» **Instructions to follow**: Exactly as they stand, set down the following records once more.

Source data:
_ _ _ _ _ _ _

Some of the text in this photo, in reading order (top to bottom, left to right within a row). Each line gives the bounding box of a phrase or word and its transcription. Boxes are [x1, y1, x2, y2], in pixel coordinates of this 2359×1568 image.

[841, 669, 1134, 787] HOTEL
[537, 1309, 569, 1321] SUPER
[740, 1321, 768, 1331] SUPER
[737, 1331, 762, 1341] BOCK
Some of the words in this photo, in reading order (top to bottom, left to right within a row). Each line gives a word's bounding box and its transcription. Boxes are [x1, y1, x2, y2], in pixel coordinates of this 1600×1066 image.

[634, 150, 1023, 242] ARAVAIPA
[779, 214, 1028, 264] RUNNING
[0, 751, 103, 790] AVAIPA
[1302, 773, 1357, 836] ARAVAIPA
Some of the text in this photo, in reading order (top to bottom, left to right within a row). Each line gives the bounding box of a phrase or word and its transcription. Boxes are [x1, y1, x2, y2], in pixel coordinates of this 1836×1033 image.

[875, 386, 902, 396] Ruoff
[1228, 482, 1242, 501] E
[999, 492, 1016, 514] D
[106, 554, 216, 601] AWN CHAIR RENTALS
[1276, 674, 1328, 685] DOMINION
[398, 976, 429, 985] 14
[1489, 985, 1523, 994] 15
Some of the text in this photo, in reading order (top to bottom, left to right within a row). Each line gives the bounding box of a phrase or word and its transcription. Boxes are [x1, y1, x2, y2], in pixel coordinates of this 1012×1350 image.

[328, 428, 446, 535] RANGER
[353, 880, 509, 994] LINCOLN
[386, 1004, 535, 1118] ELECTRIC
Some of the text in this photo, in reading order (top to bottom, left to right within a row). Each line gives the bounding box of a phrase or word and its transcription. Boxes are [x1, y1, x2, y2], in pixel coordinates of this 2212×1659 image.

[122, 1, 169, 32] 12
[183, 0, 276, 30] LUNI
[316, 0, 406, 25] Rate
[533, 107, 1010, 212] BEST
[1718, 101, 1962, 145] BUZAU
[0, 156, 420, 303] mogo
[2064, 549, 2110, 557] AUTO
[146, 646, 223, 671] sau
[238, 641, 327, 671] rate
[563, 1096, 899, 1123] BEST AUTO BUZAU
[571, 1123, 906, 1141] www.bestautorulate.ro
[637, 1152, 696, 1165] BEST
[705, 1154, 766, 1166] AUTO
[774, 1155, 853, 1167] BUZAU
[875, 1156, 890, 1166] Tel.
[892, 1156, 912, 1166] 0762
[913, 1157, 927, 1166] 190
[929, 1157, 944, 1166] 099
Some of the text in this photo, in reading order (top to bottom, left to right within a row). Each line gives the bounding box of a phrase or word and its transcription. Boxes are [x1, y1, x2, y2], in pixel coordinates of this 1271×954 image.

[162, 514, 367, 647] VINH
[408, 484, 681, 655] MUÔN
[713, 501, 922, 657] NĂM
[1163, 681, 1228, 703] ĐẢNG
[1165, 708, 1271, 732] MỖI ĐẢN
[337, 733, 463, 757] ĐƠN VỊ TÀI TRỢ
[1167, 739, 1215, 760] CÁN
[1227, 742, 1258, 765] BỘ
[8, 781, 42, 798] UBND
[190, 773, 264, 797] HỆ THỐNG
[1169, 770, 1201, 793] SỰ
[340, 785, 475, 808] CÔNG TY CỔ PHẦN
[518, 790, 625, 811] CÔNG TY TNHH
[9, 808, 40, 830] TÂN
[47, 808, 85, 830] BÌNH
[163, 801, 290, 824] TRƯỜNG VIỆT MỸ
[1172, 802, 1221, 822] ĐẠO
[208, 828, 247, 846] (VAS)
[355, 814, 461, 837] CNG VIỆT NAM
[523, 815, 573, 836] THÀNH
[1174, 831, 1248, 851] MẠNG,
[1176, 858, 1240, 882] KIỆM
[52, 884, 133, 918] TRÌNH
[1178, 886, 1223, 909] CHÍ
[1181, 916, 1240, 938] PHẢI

_ _ _ _ _ _ _

» **Response to the task**:
Some of the text in this photo, in reading order (top to bottom, left to right within a row). Each line gives the bounding box of a phrase or word and its transcription. Boxes are [x1, y1, x2, y2], in pixel coordinates of this 2359×1568 image.

[841, 669, 1134, 787] HOTEL
[537, 1309, 569, 1321] SUPER
[740, 1321, 768, 1331] SUPER
[737, 1331, 762, 1341] BOCK
Some of the words in this photo, in reading order (top to bottom, left to right within a row). Each line gives a word's bounding box and its transcription. Boxes are [x1, y1, x2, y2], in pixel coordinates of this 1600×1066 image.

[634, 150, 1023, 242] ARAVAIPA
[779, 214, 1028, 264] RUNNING
[0, 751, 103, 790] AVAIPA
[1302, 773, 1357, 836] ARAVAIPA
Some of the text in this photo, in reading order (top to bottom, left to right within a row). Each line gives the bounding box of a phrase or word and its transcription. Boxes are [x1, y1, x2, y2], in pixel coordinates of this 1836×1033 image.

[875, 386, 902, 396] Ruoff
[1228, 482, 1242, 501] E
[999, 492, 1016, 514] D
[106, 554, 216, 601] AWN CHAIR RENTALS
[1276, 674, 1328, 685] DOMINION
[398, 976, 429, 985] 14
[1489, 985, 1523, 994] 15
Some of the text in this photo, in reading order (top to bottom, left to right within a row). Each line gives the bounding box of a phrase or word and its transcription. Boxes are [x1, y1, x2, y2], in pixel coordinates of this 1012×1350 image.

[328, 428, 446, 535] RANGER
[353, 880, 509, 994] LINCOLN
[386, 1004, 535, 1118] ELECTRIC
Some of the text in this photo, in reading order (top to bottom, left to right within a row). Each line gives the bounding box of a phrase or word and its transcription. Boxes are [x1, y1, x2, y2], in pixel coordinates of this 2212×1659 image.

[122, 1, 169, 32] 12
[183, 0, 276, 30] LUNI
[316, 0, 406, 25] Rate
[533, 107, 1010, 212] BEST
[1718, 101, 1962, 145] BUZAU
[0, 156, 420, 303] mogo
[2064, 549, 2110, 557] AUTO
[146, 646, 223, 671] sau
[238, 641, 327, 671] rate
[563, 1096, 899, 1123] BEST AUTO BUZAU
[571, 1123, 906, 1141] www.bestautorulate.ro
[637, 1152, 696, 1165] BEST
[705, 1154, 766, 1166] AUTO
[774, 1155, 853, 1167] BUZAU
[875, 1156, 890, 1166] Tel.
[892, 1156, 912, 1166] 0762
[913, 1157, 927, 1166] 190
[929, 1157, 944, 1166] 099
Some of the text in this photo, in reading order (top to bottom, left to right within a row). Each line gives the bounding box of a phrase or word and its transcription. Boxes are [x1, y1, x2, y2], in pixel coordinates of this 1271×954 image.

[162, 514, 367, 647] VINH
[408, 484, 681, 655] MUÔN
[713, 501, 922, 657] NĂM
[1163, 681, 1228, 703] ĐẢNG
[1165, 708, 1271, 732] MỖI ĐẢN
[337, 733, 463, 757] ĐƠN VỊ TÀI TRỢ
[1167, 739, 1215, 760] CÁN
[1227, 742, 1258, 765] BỘ
[8, 781, 42, 798] UBND
[190, 773, 264, 797] HỆ THỐNG
[1169, 770, 1201, 793] SỰ
[340, 785, 475, 808] CÔNG TY CỔ PHẦN
[518, 790, 625, 811] CÔNG TY TNHH
[9, 808, 40, 830] TÂN
[47, 808, 85, 830] BÌNH
[163, 801, 290, 824] TRƯỜNG VIỆT MỸ
[1172, 802, 1221, 822] ĐẠO
[208, 828, 247, 846] (VAS)
[355, 814, 461, 837] CNG VIỆT NAM
[523, 815, 573, 836] THÀNH
[1174, 831, 1248, 851] MẠNG,
[1176, 858, 1240, 882] KIỆM
[52, 884, 133, 918] TRÌNH
[1178, 886, 1223, 909] CHÍ
[1181, 916, 1240, 938] PHẢI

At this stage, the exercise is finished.